Figure 2.

(A) The level of RelA/p65 activity in LSMC transfected with a luciferase reporter construct containing preserved RelA/p65 binding sites and pRL-TK plasmid as control for transfection efficiency. Cells were treated with tranilast (200 μM) for 8 hrs. The ratio of Firefly:Renilla was determined and reported as relative luciferase activity as compared to control (DMSO) which was independently set as 1 (N=3). (B–C) Immunoblotting analysis of phosphorylated RelA/p65 at serine 536 and total RelA/p65 following treatment of LSMC with 200 μM tranilast for 24 hrs and 48 hrs (N=3).
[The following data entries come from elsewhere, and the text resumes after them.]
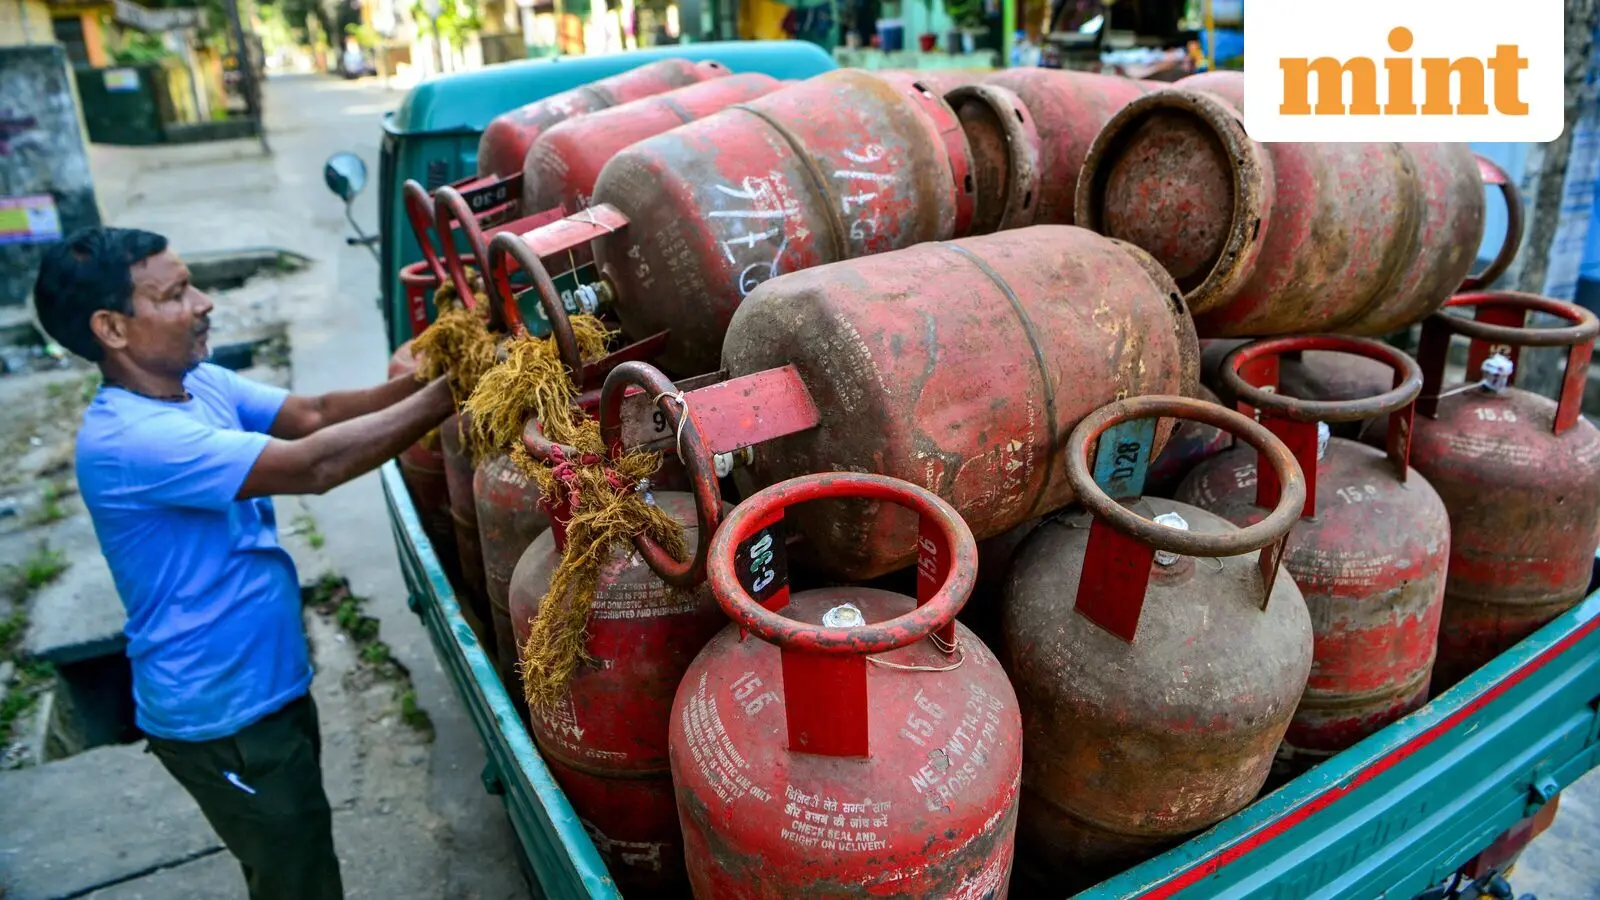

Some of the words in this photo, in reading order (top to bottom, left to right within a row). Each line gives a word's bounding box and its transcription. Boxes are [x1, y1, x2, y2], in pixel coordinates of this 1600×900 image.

[1473, 407, 1517, 423] 15.6
[750, 533, 775, 593] C-30
[917, 535, 938, 585] 15.6
[729, 671, 781, 716] 15.6
[708, 696, 726, 737] STATUTORY
[721, 734, 745, 768] WARNING
[898, 688, 946, 747] 15.6
[691, 746, 702, 763] AND
[749, 786, 772, 803] ONLY
[780, 827, 820, 847] WEIGHT
[821, 840, 836, 851] ON
[791, 820, 825, 838] CHECK
[827, 828, 853, 842] SEAL
[855, 832, 877, 843] AND
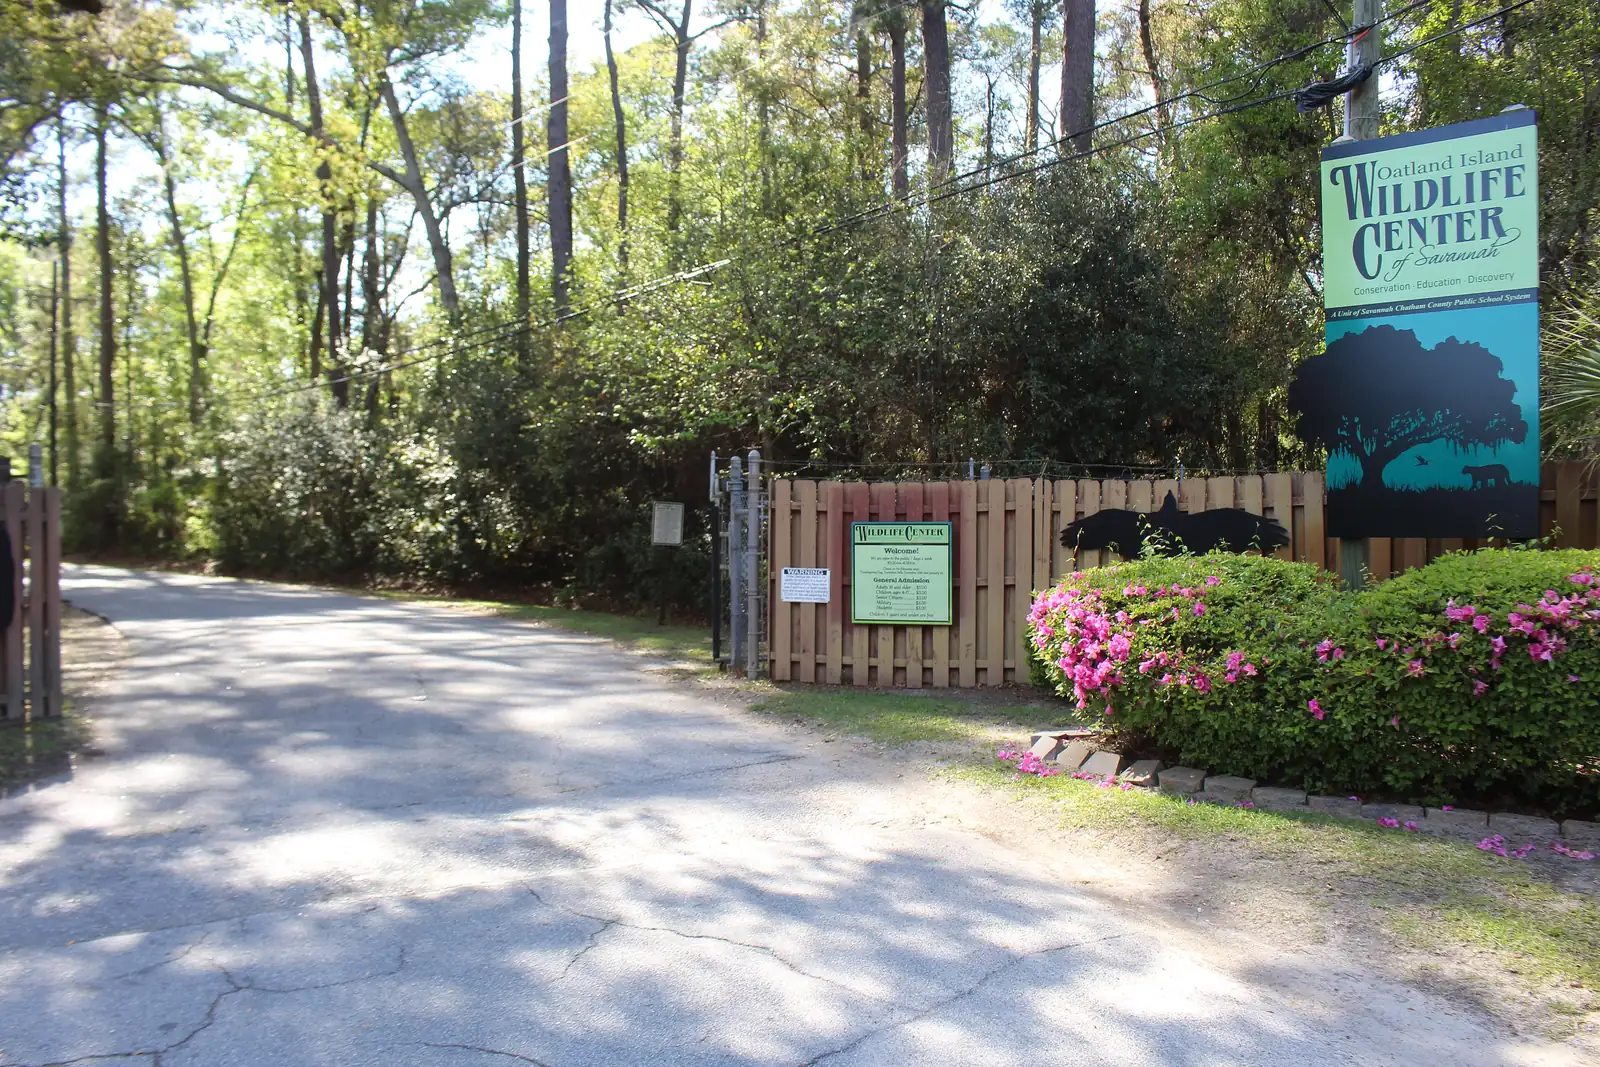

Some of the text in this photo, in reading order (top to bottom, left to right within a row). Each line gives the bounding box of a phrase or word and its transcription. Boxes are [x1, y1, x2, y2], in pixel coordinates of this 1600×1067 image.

[1377, 144, 1524, 180] Oatland Island
[1330, 160, 1526, 220] WILDLIFE
[1352, 206, 1508, 280] CENTER
[1384, 228, 1521, 282] of Savannah
[1338, 309, 1352, 317] Unit
[1353, 308, 1360, 316] of
[1361, 306, 1394, 314] Savannah
[1396, 303, 1426, 312] Chatham
[1428, 300, 1452, 309] County
[1454, 298, 1476, 306] Public
[1478, 295, 1502, 304] School
[1504, 293, 1530, 302] System
[1354, 272, 1514, 296] Conservation Education Discovery
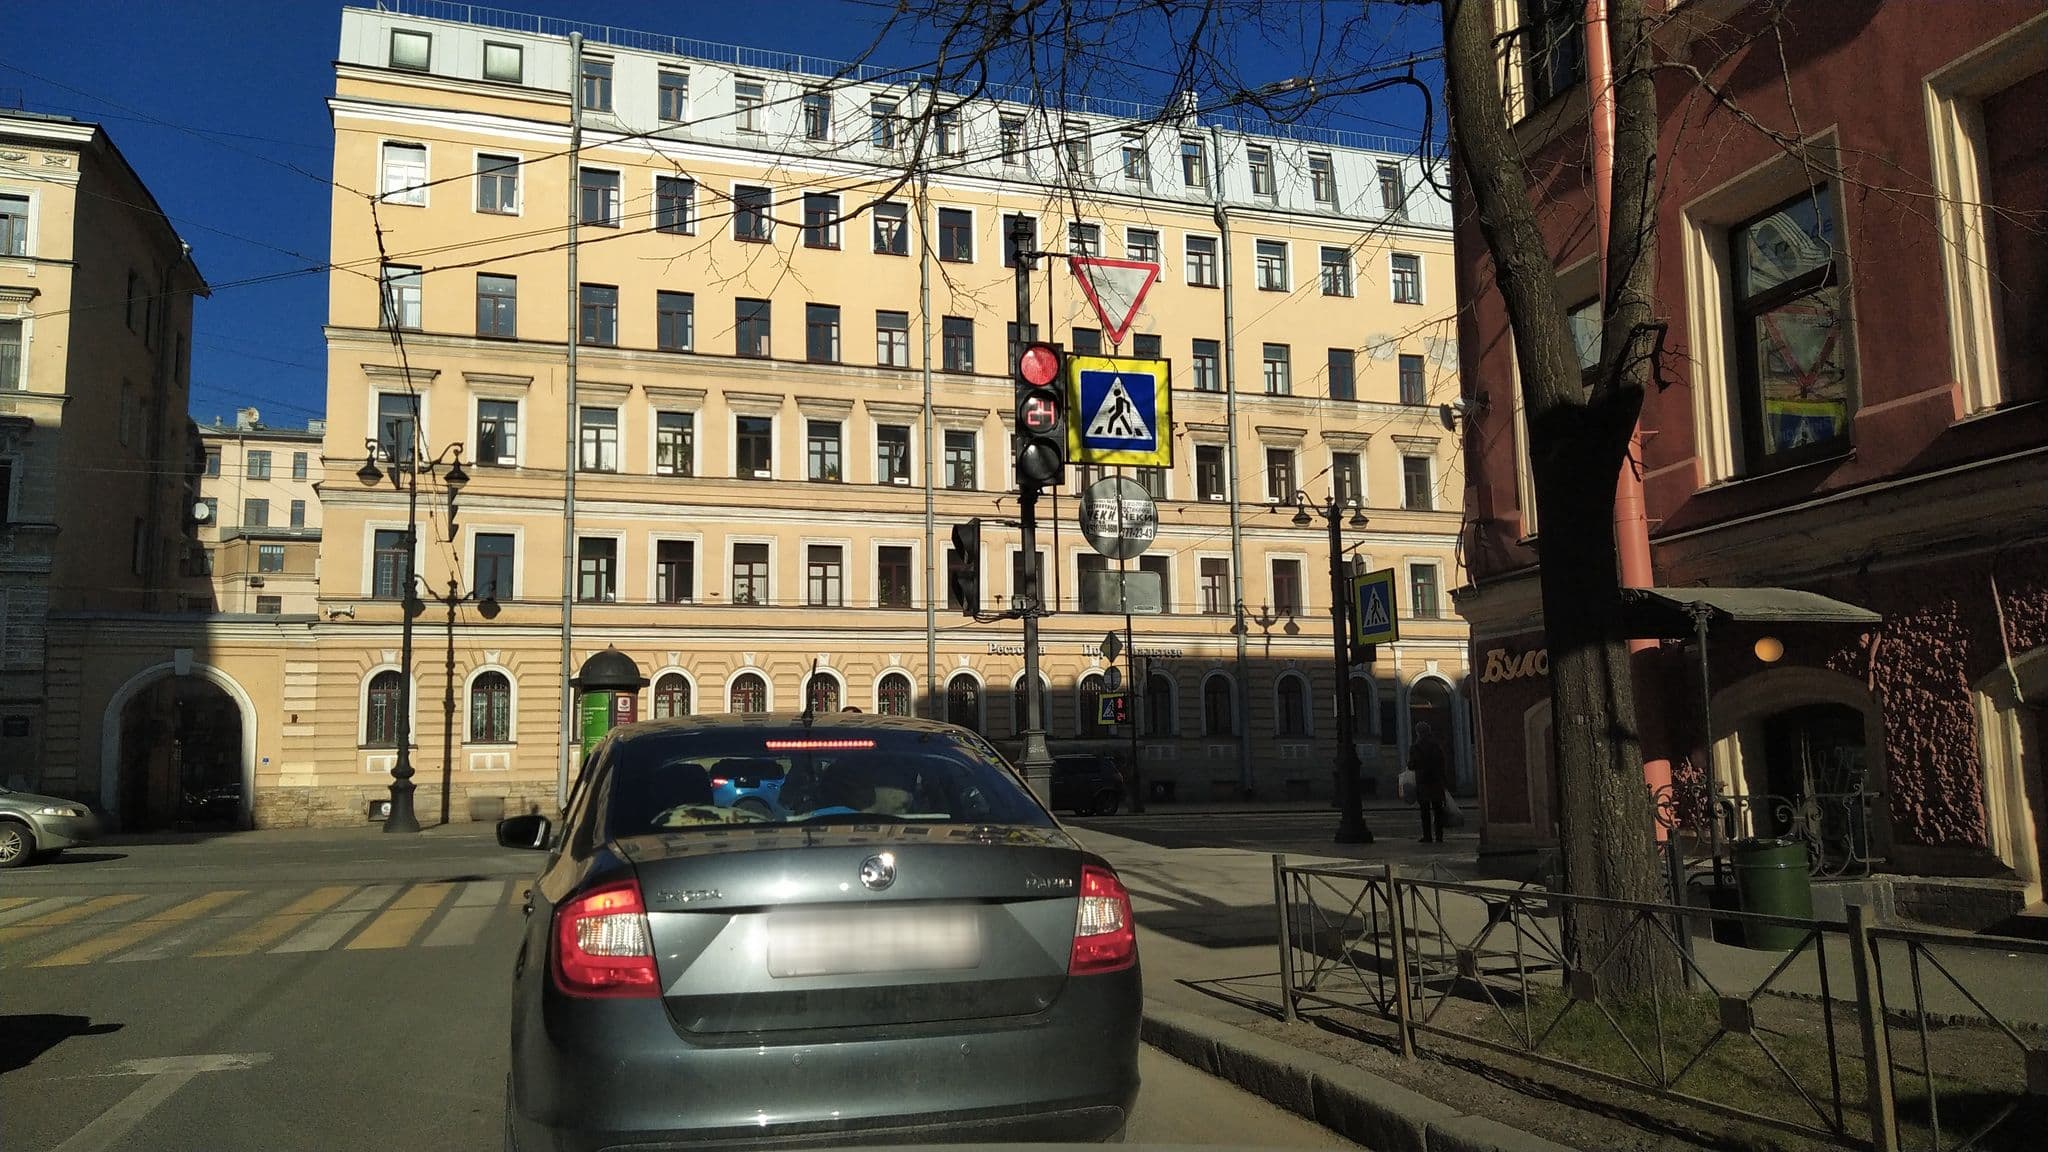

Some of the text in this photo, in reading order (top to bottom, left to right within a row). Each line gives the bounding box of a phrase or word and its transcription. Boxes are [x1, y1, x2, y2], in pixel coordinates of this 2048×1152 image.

[1027, 399, 1055, 425] 24
[988, 643, 1046, 656] Рестон
[1480, 648, 1549, 683] Було
The relative band densities are shown in (C). (D) Shows protein levels of phosphorylated RelA/p65 at serine 536 and RelA/p65 in LSMC following treatment with 200 μM tranilast for 36 hrs (N=3). Cells were harvested and sub-fractionated into cytosol and nuclear proteins and subjected to immunoblotting analysis with Calpain and c-Jun serving as markers for the respective subcellular fractions. (E) The band density of phosphorylated RelA/p65 at serine 536 and RelA/p65 was semi-quantified and normalized to Calpain (cytosol) or c-Jun (nuclear). The results are presented as mean ± SEM of independent experiments as mentioned above using cells isolated from different patients in each set. P values (*P < 0.05) indicated by the corresponding lines.